Your task is to transcribe the entries below exactly, beginning with the line containing "this 1512×1312 image." and ending with the final line, and to add nothing else.

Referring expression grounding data
= Beginning of Section =

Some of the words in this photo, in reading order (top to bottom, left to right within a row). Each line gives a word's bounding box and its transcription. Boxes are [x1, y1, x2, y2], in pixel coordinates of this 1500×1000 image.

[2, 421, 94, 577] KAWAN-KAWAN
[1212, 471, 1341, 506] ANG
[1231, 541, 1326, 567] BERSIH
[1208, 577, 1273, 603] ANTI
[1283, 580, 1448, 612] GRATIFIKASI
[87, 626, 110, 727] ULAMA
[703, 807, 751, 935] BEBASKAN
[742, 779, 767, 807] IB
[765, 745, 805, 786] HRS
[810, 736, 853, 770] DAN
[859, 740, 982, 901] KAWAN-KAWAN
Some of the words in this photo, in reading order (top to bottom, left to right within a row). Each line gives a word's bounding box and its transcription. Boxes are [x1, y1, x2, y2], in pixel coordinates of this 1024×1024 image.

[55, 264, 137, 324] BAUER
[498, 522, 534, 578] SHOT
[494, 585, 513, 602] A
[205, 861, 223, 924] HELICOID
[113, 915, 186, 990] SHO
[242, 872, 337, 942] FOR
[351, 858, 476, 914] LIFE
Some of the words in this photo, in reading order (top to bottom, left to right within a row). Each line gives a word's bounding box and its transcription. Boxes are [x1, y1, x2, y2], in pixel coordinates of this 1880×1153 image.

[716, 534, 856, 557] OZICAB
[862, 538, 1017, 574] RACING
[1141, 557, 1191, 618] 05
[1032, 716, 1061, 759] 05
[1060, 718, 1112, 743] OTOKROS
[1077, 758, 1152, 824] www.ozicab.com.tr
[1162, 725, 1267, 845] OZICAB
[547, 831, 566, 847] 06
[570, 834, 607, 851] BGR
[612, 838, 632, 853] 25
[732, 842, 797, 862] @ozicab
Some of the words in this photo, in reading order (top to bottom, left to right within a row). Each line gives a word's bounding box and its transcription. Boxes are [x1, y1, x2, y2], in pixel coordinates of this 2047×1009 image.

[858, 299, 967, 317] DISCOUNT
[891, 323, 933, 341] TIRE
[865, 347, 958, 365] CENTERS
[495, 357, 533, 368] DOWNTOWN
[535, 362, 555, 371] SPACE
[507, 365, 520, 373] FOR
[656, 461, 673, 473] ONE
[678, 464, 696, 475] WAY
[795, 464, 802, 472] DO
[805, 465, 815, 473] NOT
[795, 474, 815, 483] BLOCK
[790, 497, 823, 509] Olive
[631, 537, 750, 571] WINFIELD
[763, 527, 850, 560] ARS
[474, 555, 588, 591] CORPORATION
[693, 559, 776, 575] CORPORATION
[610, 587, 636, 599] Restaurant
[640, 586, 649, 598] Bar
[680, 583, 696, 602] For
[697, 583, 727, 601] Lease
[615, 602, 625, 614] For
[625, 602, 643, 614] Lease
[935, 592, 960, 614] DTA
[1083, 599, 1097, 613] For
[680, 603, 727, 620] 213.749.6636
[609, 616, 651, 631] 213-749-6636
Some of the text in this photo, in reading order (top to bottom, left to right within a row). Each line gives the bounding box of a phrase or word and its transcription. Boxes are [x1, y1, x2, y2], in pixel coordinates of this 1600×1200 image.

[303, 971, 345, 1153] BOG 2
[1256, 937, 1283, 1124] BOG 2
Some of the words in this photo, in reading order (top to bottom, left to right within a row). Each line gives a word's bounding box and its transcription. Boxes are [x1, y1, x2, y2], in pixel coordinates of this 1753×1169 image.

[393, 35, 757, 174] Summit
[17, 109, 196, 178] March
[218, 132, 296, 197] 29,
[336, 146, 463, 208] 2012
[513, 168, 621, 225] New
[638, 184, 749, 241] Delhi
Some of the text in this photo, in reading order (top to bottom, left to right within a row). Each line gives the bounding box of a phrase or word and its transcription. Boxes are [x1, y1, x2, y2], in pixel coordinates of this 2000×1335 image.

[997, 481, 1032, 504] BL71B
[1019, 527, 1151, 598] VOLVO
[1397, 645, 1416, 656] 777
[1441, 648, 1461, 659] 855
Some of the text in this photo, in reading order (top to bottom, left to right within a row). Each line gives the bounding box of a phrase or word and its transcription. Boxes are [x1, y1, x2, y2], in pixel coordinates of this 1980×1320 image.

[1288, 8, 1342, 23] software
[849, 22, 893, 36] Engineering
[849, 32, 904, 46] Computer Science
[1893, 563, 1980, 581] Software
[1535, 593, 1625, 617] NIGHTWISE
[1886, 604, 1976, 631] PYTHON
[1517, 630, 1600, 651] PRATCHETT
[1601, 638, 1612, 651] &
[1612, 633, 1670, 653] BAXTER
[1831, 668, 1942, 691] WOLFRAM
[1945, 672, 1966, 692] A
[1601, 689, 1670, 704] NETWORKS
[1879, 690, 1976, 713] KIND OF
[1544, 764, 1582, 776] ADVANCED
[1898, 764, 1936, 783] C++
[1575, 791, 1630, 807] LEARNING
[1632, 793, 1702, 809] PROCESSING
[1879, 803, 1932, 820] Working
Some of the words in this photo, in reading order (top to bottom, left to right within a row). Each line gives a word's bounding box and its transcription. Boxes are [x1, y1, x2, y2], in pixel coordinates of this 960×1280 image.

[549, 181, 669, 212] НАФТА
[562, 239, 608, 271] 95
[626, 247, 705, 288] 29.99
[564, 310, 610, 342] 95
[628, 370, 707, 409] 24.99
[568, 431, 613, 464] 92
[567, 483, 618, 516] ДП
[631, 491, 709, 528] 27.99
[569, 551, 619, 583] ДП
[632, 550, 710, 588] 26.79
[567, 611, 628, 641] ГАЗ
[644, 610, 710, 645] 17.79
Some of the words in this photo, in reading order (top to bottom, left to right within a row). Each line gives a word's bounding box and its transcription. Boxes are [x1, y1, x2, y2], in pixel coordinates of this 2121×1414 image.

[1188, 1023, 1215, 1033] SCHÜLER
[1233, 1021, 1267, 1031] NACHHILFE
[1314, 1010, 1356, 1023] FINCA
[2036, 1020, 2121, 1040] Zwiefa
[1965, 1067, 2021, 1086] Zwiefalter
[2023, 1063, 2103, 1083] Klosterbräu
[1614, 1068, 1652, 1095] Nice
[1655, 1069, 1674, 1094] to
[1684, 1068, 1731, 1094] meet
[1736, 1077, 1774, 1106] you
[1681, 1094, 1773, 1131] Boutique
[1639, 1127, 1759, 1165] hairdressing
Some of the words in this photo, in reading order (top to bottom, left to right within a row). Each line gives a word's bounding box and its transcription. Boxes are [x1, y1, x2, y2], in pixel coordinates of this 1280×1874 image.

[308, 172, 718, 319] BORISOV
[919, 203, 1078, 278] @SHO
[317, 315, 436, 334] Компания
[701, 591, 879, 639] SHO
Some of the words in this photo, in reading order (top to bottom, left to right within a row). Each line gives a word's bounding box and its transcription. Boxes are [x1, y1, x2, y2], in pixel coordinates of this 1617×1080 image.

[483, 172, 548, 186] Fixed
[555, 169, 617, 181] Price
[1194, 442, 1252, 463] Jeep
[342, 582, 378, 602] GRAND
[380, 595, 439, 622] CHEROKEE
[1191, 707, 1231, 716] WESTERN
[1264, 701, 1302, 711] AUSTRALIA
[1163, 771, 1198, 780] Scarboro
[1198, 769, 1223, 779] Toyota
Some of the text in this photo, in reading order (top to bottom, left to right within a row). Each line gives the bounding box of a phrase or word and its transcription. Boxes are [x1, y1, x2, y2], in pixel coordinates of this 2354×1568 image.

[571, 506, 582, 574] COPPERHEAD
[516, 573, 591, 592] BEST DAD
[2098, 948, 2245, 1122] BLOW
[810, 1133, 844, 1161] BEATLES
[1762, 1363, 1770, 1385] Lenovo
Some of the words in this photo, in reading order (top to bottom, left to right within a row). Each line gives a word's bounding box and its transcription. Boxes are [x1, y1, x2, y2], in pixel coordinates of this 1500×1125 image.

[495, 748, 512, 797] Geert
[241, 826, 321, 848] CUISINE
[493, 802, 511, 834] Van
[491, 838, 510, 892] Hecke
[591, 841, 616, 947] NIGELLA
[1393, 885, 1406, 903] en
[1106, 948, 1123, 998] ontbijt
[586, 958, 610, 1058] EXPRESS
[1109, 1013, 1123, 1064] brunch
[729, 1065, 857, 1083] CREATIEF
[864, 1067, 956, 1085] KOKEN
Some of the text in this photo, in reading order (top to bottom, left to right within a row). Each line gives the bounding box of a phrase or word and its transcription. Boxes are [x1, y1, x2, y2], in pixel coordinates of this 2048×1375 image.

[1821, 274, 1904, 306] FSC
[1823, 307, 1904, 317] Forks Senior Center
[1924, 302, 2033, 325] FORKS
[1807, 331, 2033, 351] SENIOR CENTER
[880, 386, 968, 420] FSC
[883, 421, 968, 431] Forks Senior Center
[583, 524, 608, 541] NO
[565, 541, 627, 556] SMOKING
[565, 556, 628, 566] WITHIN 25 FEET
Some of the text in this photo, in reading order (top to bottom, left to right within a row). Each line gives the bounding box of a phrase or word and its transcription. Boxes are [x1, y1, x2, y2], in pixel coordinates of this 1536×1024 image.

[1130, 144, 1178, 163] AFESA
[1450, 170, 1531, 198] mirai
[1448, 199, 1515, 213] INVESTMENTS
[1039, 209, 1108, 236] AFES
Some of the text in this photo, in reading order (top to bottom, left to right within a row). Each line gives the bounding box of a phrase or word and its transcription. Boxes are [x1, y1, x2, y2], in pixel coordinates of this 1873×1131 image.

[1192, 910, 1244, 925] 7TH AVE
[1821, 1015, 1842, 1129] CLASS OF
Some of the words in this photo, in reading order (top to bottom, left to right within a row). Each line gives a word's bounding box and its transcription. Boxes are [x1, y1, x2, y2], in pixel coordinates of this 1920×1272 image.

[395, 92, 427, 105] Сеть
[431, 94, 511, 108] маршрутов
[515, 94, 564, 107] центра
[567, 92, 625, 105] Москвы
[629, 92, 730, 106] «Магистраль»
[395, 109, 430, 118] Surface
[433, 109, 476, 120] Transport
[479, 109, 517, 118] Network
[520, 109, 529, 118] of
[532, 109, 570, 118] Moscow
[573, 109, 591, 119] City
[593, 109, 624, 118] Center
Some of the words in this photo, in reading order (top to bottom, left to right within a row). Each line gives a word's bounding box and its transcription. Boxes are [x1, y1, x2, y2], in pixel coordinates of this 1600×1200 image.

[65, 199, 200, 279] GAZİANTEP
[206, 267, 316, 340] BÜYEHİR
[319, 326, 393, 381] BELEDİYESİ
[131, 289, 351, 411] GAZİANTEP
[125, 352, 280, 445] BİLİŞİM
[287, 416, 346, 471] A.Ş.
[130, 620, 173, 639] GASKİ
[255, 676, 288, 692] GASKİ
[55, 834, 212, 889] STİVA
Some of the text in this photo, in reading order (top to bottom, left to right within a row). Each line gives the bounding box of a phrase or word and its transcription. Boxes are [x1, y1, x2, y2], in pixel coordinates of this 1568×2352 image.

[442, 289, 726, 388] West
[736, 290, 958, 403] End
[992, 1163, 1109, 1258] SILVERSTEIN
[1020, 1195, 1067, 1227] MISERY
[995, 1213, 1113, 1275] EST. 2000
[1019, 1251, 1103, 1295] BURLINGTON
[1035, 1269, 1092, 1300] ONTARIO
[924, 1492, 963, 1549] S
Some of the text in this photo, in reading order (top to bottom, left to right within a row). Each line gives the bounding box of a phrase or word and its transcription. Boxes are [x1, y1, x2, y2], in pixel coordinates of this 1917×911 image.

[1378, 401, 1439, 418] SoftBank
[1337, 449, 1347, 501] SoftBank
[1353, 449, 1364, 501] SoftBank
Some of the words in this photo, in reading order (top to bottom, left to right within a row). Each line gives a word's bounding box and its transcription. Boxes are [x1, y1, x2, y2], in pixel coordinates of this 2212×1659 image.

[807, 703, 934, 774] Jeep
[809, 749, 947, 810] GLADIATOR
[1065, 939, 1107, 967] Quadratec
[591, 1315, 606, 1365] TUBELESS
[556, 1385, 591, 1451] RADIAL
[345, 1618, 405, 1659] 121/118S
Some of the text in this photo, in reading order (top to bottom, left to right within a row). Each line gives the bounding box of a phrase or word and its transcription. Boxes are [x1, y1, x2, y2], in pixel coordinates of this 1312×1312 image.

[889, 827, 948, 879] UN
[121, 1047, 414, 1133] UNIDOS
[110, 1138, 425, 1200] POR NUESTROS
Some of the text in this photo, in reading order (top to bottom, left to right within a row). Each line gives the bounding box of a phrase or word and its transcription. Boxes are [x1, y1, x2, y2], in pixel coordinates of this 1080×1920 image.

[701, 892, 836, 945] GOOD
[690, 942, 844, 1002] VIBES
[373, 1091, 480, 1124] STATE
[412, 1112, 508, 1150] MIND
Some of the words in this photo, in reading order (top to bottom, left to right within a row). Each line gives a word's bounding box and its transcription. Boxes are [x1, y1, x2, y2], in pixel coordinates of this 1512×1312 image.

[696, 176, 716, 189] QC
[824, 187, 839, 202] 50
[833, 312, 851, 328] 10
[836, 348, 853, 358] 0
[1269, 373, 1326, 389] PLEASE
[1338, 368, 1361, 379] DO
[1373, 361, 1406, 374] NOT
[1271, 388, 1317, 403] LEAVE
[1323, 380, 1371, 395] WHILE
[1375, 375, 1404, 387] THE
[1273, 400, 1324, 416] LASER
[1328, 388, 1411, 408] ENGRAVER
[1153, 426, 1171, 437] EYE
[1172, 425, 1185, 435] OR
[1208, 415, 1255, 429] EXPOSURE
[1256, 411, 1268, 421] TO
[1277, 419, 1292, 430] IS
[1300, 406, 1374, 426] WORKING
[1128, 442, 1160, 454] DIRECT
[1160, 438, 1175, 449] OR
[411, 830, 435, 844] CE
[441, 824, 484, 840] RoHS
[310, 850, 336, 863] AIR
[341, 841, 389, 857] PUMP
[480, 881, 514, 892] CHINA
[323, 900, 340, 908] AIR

= End of Section =

Written response ->
Some of the words in this photo, in reading order (top to bottom, left to right within a row). Each line gives a word's bounding box and its transcription. Boxes are [x1, y1, x2, y2], in pixel coordinates of this 1512×1312 image.

[696, 176, 716, 189] QC
[824, 187, 839, 202] 50
[833, 312, 851, 328] 10
[836, 348, 853, 358] 0
[1269, 373, 1326, 389] PLEASE
[1338, 368, 1361, 379] DO
[1373, 361, 1406, 374] NOT
[1271, 388, 1317, 403] LEAVE
[1323, 380, 1371, 395] WHILE
[1375, 375, 1404, 387] THE
[1273, 400, 1324, 416] LASER
[1328, 388, 1411, 408] ENGRAVER
[1153, 426, 1171, 437] EYE
[1172, 425, 1185, 435] OR
[1208, 415, 1255, 429] EXPOSURE
[1256, 411, 1268, 421] TO
[1277, 419, 1292, 430] IS
[1300, 406, 1374, 426] WORKING
[1128, 442, 1160, 454] DIRECT
[1160, 438, 1175, 449] OR
[411, 830, 435, 844] CE
[441, 824, 484, 840] RoHS
[310, 850, 336, 863] AIR
[341, 841, 389, 857] PUMP
[480, 881, 514, 892] CHINA
[323, 900, 340, 908] AIR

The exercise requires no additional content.